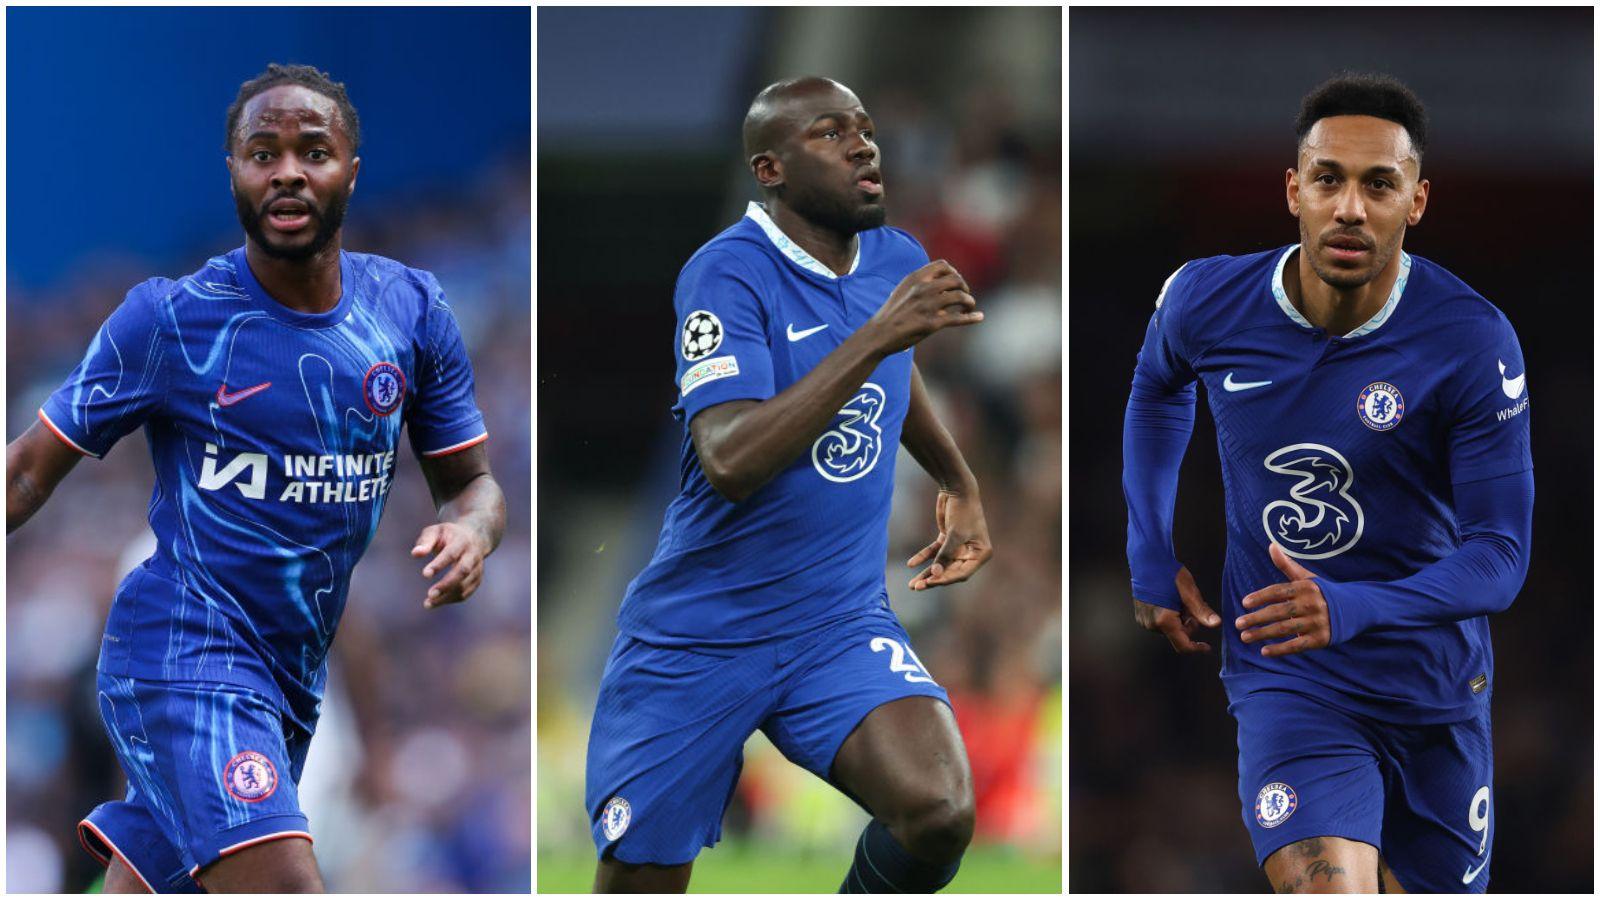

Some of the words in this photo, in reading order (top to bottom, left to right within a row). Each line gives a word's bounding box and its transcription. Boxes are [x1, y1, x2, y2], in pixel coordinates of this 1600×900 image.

[1369, 384, 1399, 399] CHELSEA
[284, 450, 394, 477] INFINITE
[1262, 443, 1364, 560] 3
[870, 637, 932, 678] 2
[1257, 784, 1287, 799] CHELSEA
[1468, 785, 1490, 857] 9

* **WHAT THE EXERCISE ASKS**
Pictures in the records should not appear in your copy, but everything else must be transcribed exactly.

* **RESULT BELOW**
Some of the words in this photo, in reading order (top to bottom, left to right within a row). Each line gives a word's bounding box and its transcription. Boxes are [x1, y1, x2, y2], in pixel coordinates of this 1600×900 image.

[1369, 384, 1399, 399] CHELSEA
[284, 450, 394, 477] INFINITE
[1262, 443, 1364, 560] 3
[870, 637, 932, 678] 2
[1257, 784, 1287, 799] CHELSEA
[1468, 785, 1490, 857] 9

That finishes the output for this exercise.